What the task asks: In your copy, leave out all pictures and reproduce every entry exactly.

##### Supplied data #####

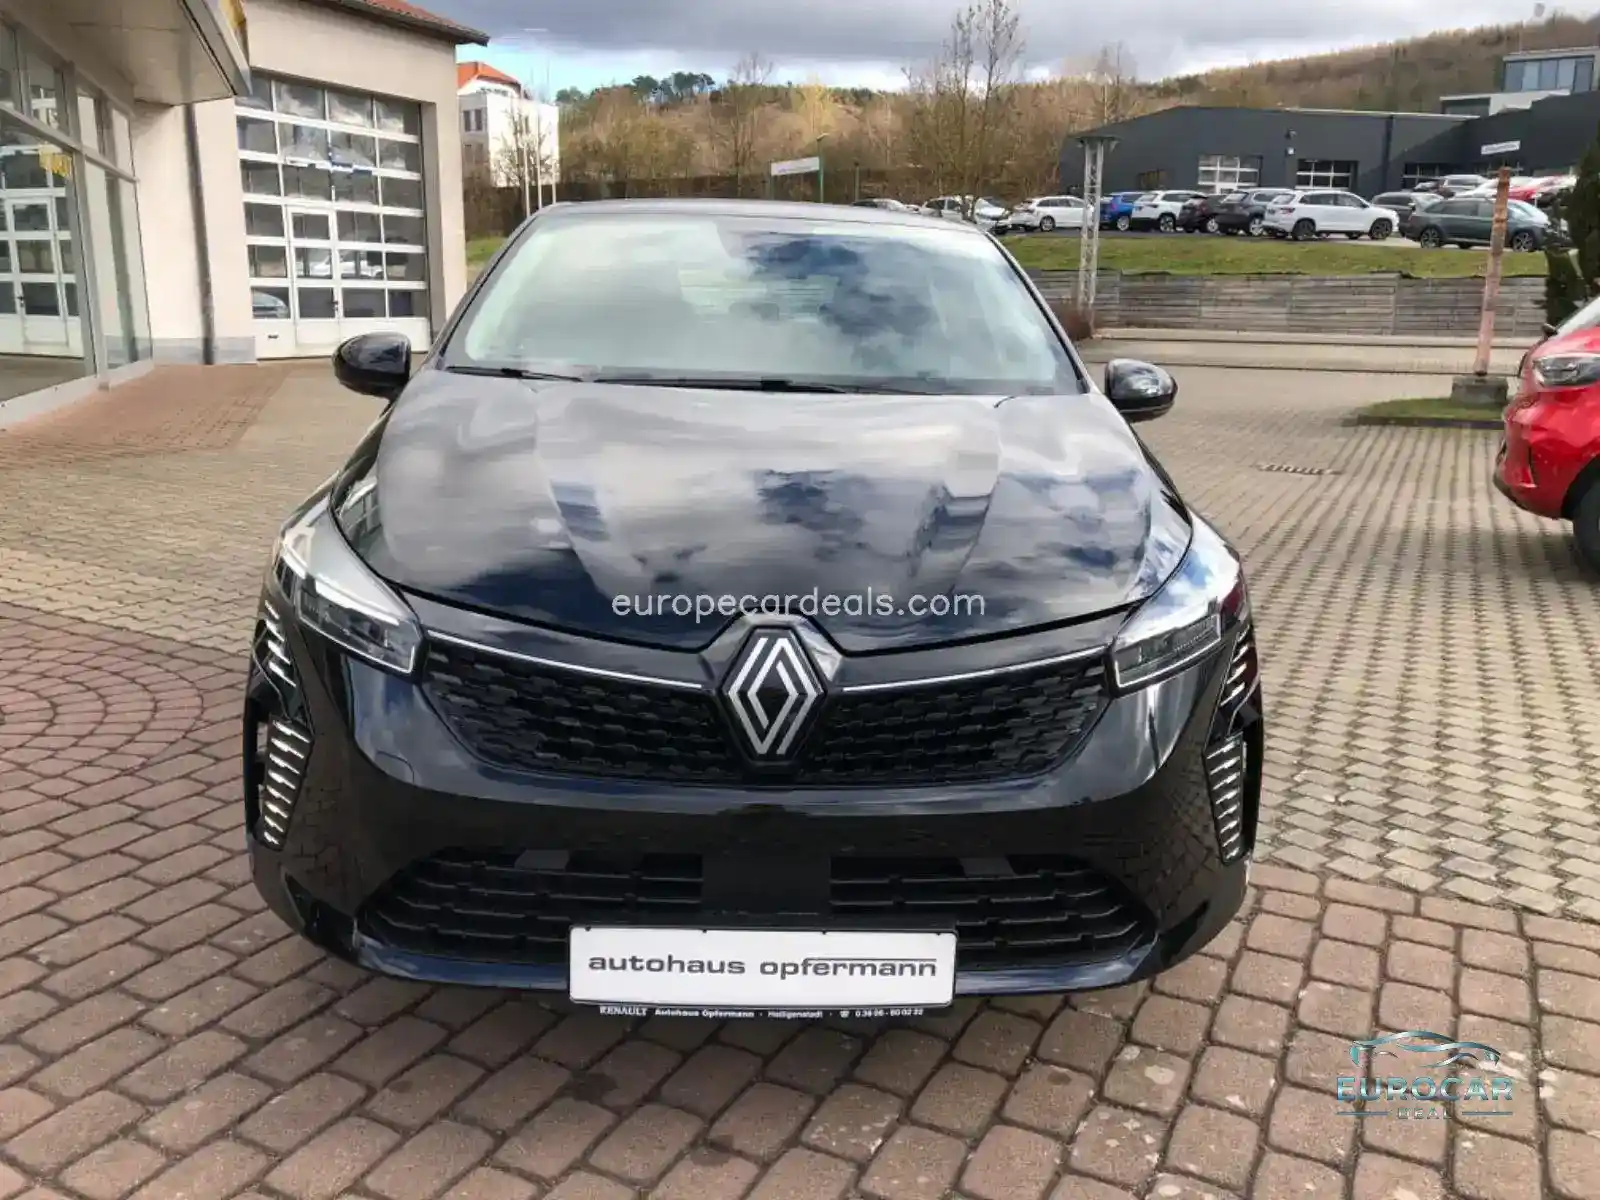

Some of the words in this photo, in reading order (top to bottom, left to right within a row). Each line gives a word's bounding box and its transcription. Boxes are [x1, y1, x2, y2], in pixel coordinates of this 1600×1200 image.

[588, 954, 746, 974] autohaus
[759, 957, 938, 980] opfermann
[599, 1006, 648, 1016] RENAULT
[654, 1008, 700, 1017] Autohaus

#####

Output below:
Some of the words in this photo, in reading order (top to bottom, left to right within a row). Each line gives a word's bounding box and its transcription. Boxes are [x1, y1, x2, y2], in pixel coordinates of this 1600×1200 image.

[588, 954, 746, 974] autohaus
[759, 957, 938, 980] opfermann
[599, 1006, 648, 1016] RENAULT
[654, 1008, 700, 1017] Autohaus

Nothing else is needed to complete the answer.